One of the relationships I might look at when helping couples through their challenges is the individuals’ commitment to themselves.
You see, in every marriage, I see three relationships.
Each persons relationship with themsleves and then their relationship with each other.
If one person’s relationship with themselves is not good, it eventually puts a strain on their connection.
When both peoples relationship with themselves is not good, the relationship enters a disconnection phase, and it could be the start of the end when this happens.
So both people must be connected to themselves in a healthy way.
What healthy means is they can be themselves in the relationship because they feel safe to do so.
Either safe within themselves or safe because they know their partner has their back.
Essentially any person who is fearful or connected to fear in their relationship is disabled from being themselves.
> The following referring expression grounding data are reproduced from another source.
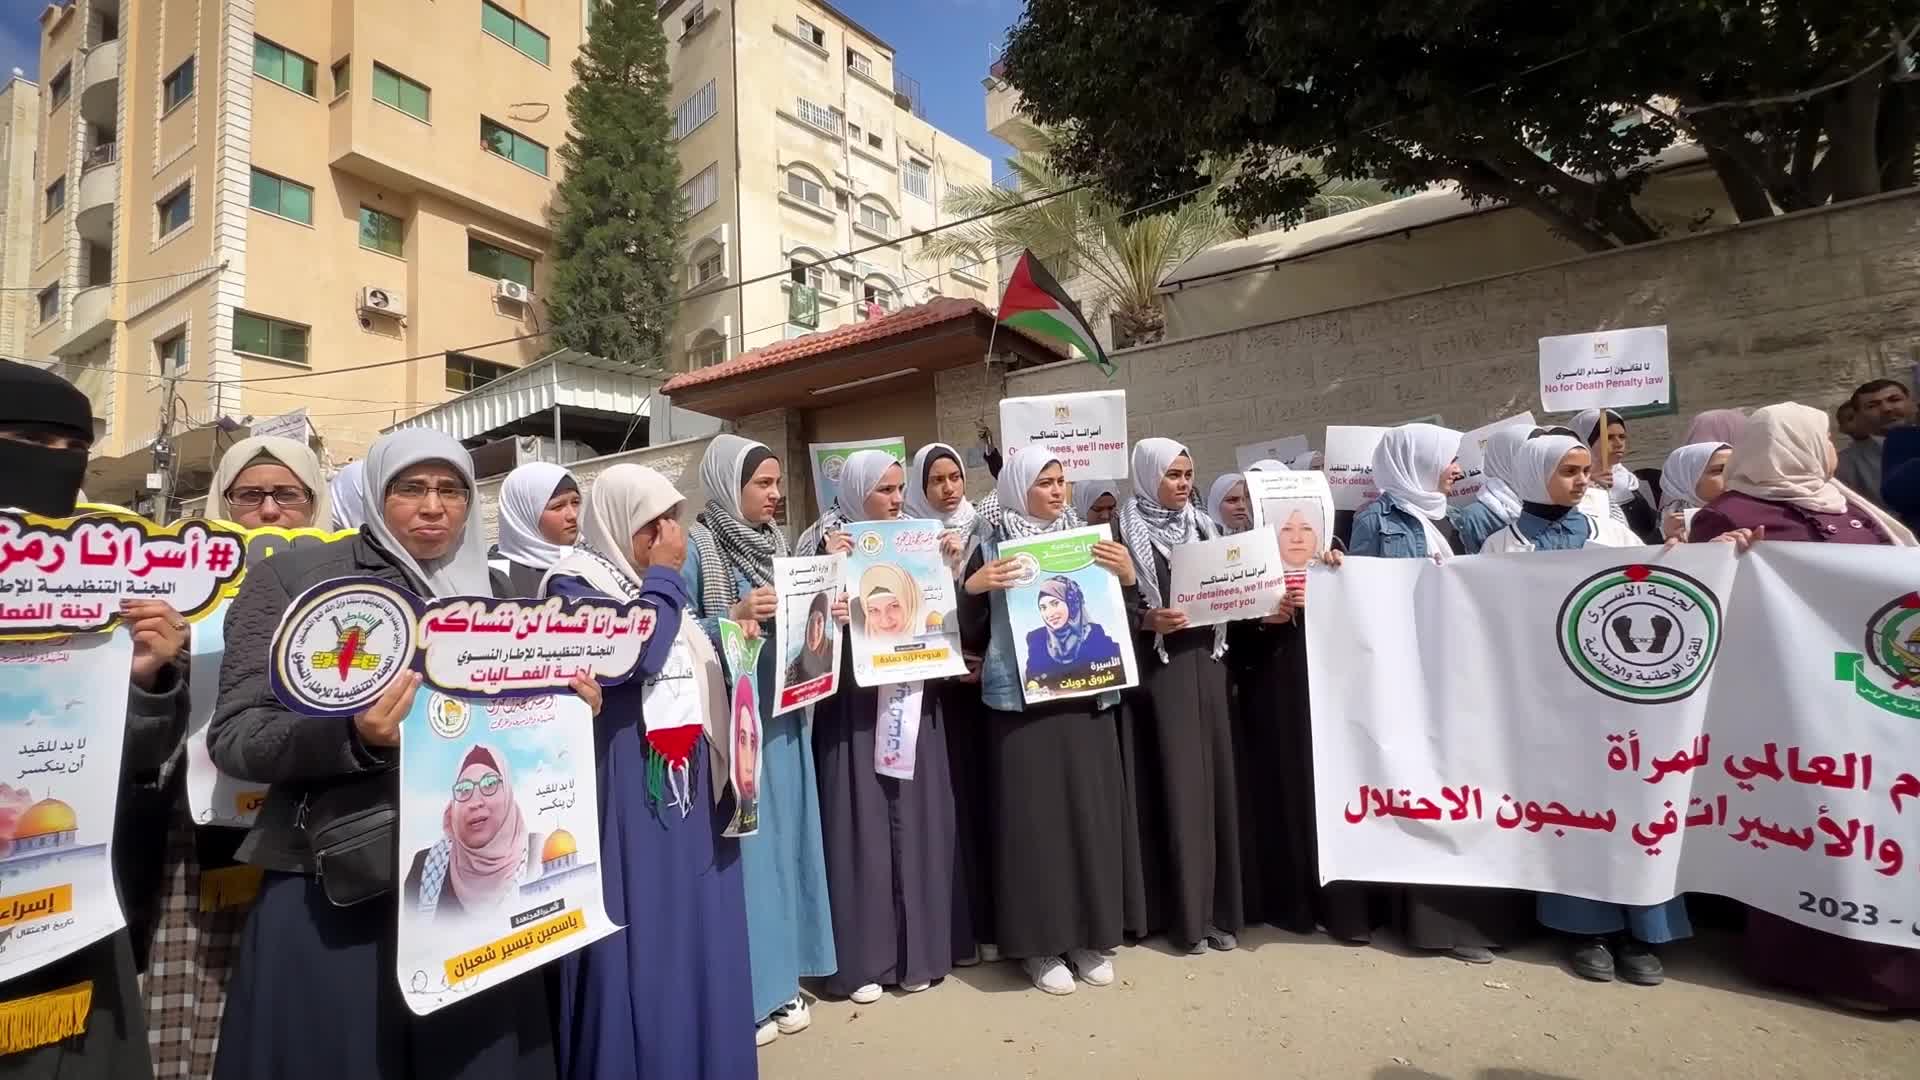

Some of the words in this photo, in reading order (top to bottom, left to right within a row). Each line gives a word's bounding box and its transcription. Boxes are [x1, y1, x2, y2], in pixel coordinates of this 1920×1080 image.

[1614, 362, 1643, 376] لقانون
[1544, 384, 1558, 393] No
[1560, 383, 1575, 392] for
[1576, 381, 1604, 391] Death
[1606, 377, 1645, 389] Penalty
[1645, 376, 1664, 385] law
[1059, 428, 1074, 440] لن
[1076, 443, 1097, 452] we'll
[1098, 441, 1125, 451] never
[1072, 458, 1090, 469] you
[1329, 475, 1347, 485] Sick
[1349, 475, 1375, 485] detain
[1230, 569, 1244, 583] لن
[38, 579, 122, 598] التنظيمية
[126, 580, 176, 598] اللجنة
[1177, 592, 1194, 604] Our
[1196, 585, 1243, 601] detainees,
[1244, 581, 1263, 593] we'll
[1647, 584, 1696, 612] لجنة
[60, 603, 102, 623] لجنة
[1210, 598, 1238, 611] forget
[1238, 597, 1256, 608] you
[1587, 584, 1641, 625] الأسرى
[424, 609, 514, 640] ننساكم
[515, 613, 542, 640] لن
[457, 650, 502, 666] النسوي
[502, 647, 535, 663] للإطار
[536, 645, 585, 662] التنظيمية
[586, 645, 616, 661] اللجنة
[1583, 636, 1633, 682] والإسلامية
[1684, 637, 1703, 667] للقوى
[373, 655, 395, 682] اللجنة
[1090, 655, 1121, 672] الأسيرة
[1635, 662, 1684, 685] الوطنية
[470, 664, 551, 688] الفعاليات
[1059, 678, 1086, 689] دويات
[1088, 671, 1115, 686] شروق
[333, 677, 377, 701] التنظيمية
[18, 739, 57, 758] للقيد
[60, 741, 74, 754] بد
[77, 737, 87, 749] لا
[68, 753, 86, 774] أن
[1607, 729, 1710, 784] للمرأة
[16, 759, 66, 779] ينكسر
[1723, 742, 1873, 792] العالمي
[535, 783, 558, 798] للقيد
[566, 791, 576, 808] أن
[537, 798, 566, 815] ينكسر
[1345, 785, 1483, 824] الاحتلال
[1495, 793, 1617, 838] سجون
[1632, 800, 1678, 857] في
[1685, 794, 1904, 877] والأسيرات
[1798, 890, 1879, 926] 2023
[536, 915, 578, 945] ياسمين
[501, 932, 534, 960] تيسير
[453, 947, 497, 978] شعبان
Other people who are not being themselves have learned patterns growing up that don’t connect them to what is important to them, and they too will suffer.
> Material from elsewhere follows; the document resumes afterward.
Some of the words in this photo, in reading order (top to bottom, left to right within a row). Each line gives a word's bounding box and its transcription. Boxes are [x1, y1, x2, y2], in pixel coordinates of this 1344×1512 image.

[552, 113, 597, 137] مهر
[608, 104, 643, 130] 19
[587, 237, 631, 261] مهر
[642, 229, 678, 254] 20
For example, a man treats his wife poorly because that’s what he saw his father do, yet he still says that loving is essential.
I see many people are not happy with their husbands or wives’ behaviours but are reacting in a way that disconnects them from who they really are too.
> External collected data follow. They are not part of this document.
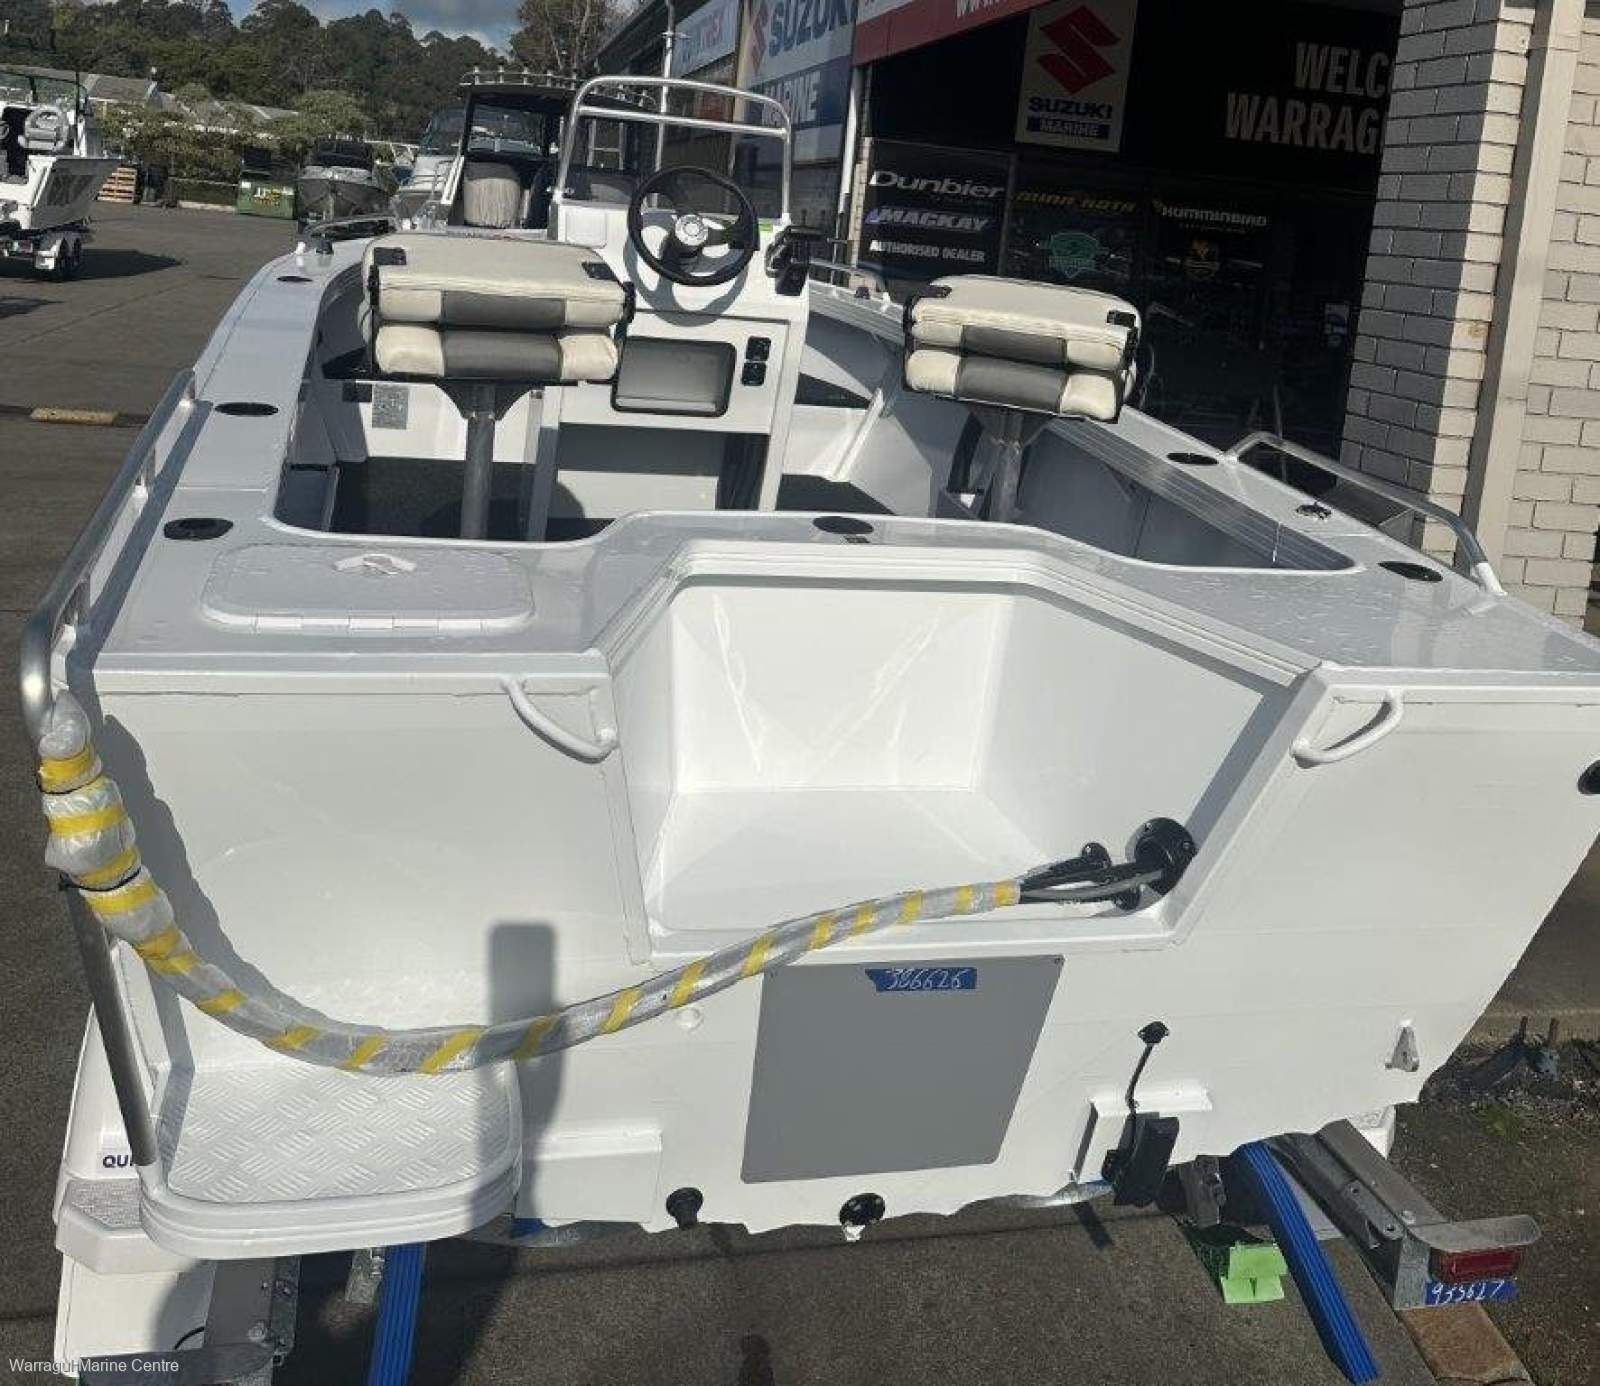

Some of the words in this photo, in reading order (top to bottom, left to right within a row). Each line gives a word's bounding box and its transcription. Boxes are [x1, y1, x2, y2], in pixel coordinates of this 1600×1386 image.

[1294, 42, 1391, 98] WELC
[1028, 97, 1112, 119] SUZUKI
[1224, 93, 1384, 155] WARRAG
[868, 170, 1006, 198] Dunbier
[878, 208, 989, 232] MACKAY
Many come wanting my help, but they want me to change their partner.
They are not connected to the fact they feel bad because they keep disconnecting from themselves as well.
Not being yourself or not being connected to yourself is emotionally hard on a person; some people end up numbing themselves as a means to stop their own suffering.
I cannot stress this enough if a person cannot be themselves in their marriage, that marriage will suffer.
So the starting point is to help a person generate a healthy relationship with themselves so they can bring real value to themselves and their marriage.
So it’s important that individuals are committed to themselves and their quest to be themselves.
You must commit to you!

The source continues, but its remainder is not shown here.